The STAD is a critical milestone in the project to deliver electric trains for passengers in South Wales and forms part of Network Rail’s Railway Upgrade Plan to provide a bigger, better, more reliable railway for passengers.
Economic boost
As well as improved journeys, economists expect that the electrification of the line to London will deliver a significant economic boost for South Wales, resulting from the improved connectivity. This was a critical factor for attracting investment for the electrification of the route.
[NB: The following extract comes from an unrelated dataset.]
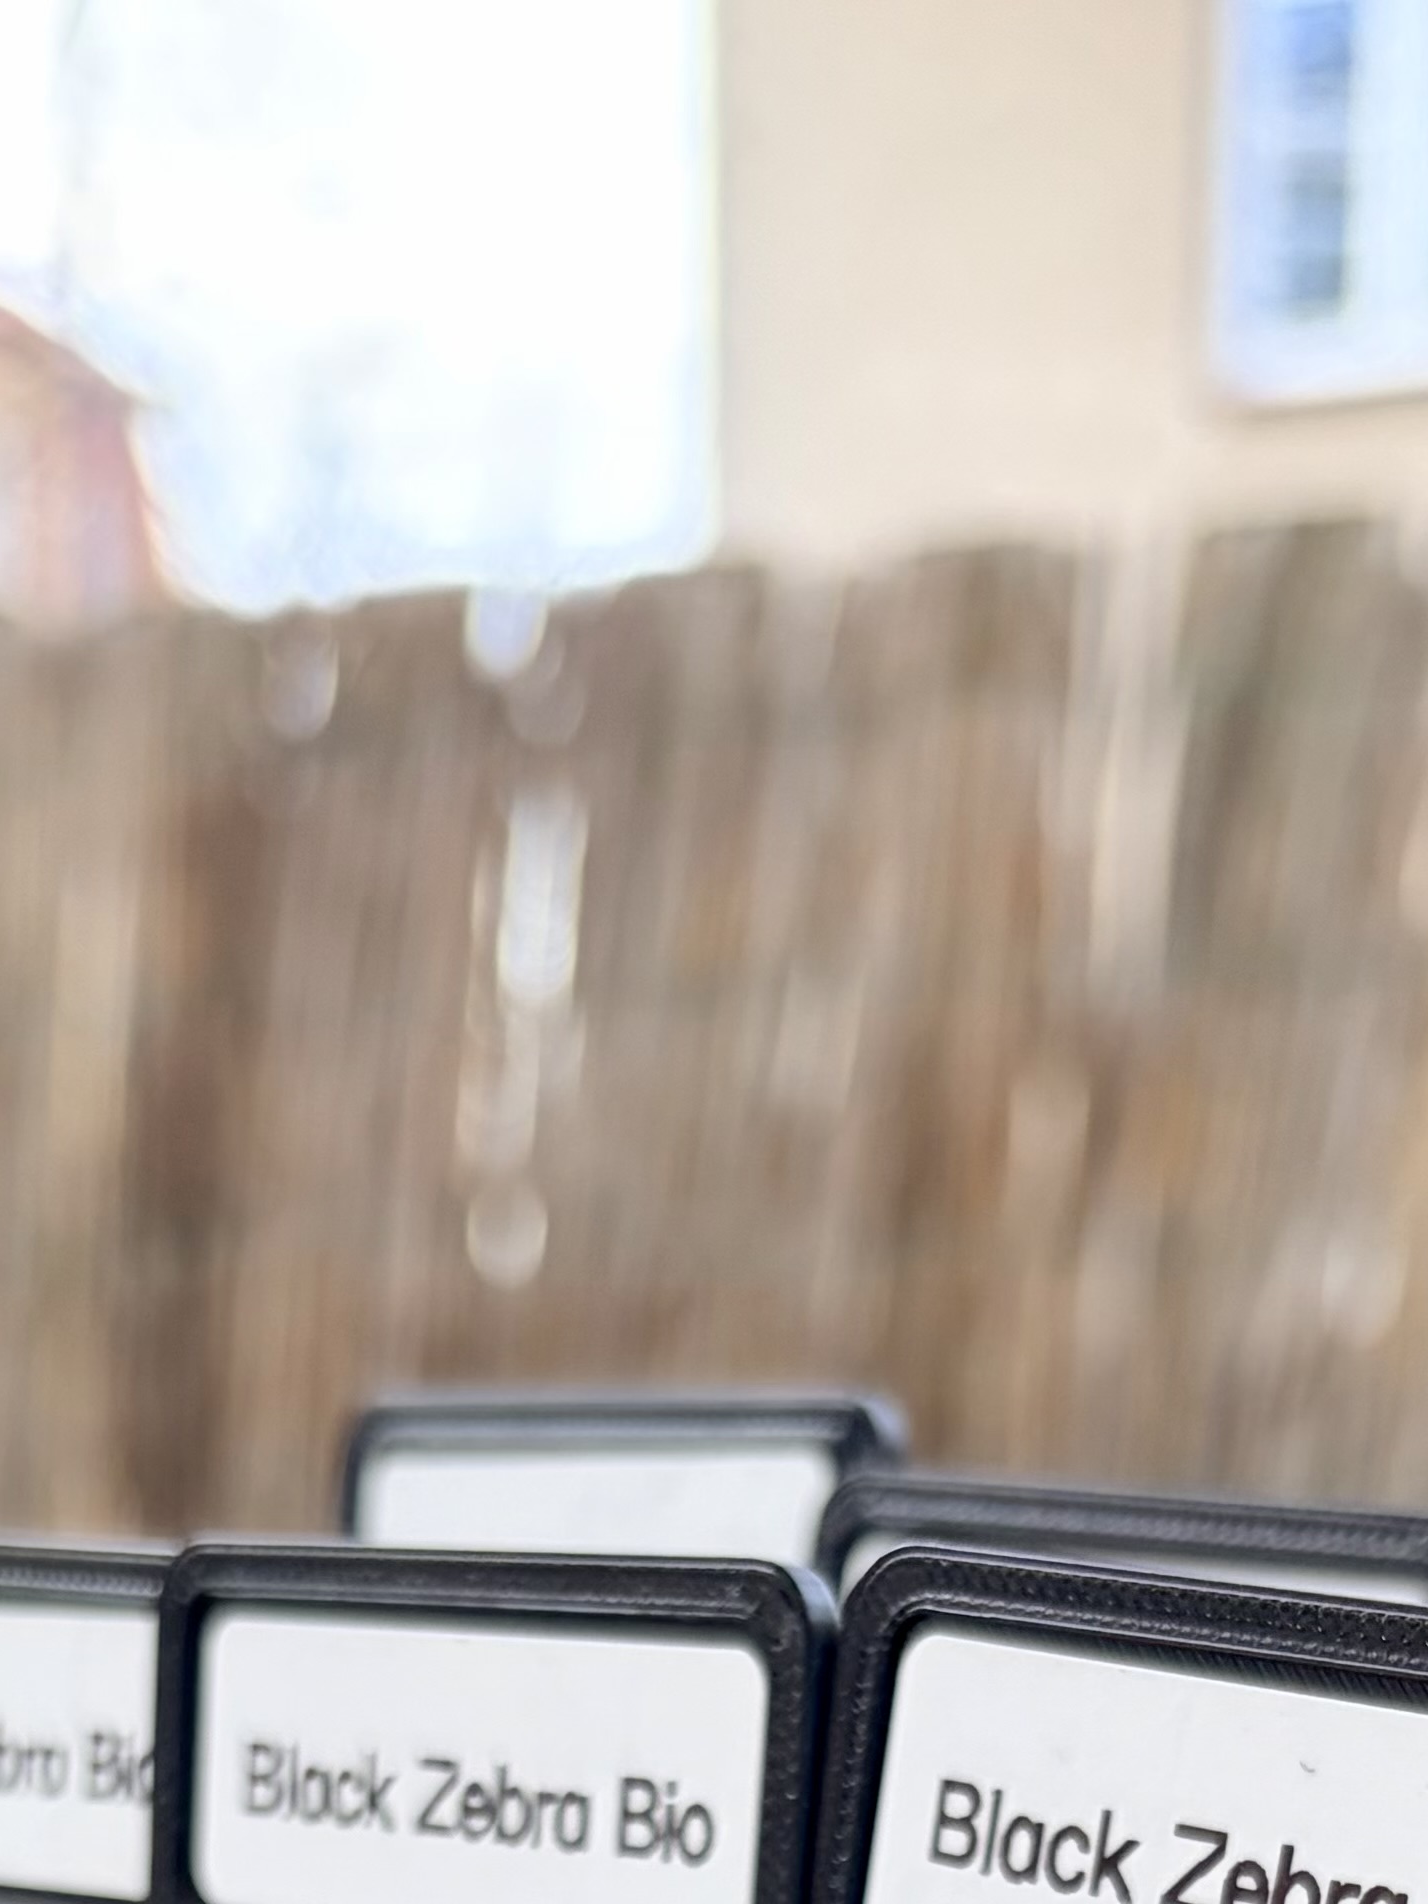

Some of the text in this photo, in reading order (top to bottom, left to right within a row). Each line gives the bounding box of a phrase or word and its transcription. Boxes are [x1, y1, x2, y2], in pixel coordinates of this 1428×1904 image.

But before considering the engineering challenges for a moment, let us just cast our minds back to the incredible legacy left by the Victorian railway engineers: the Severn Tunnel itself. It was built by the Great Western Railway to provide a direct link between London and South Wales, following GWR’s acquisition of the South Wales Railway in 1861. Although work started in 1873, Thomas Walker was in charge of the project from 1877 until its completion in September 1886 and the Engineer-in-Chief was Sir John Hawkshaw.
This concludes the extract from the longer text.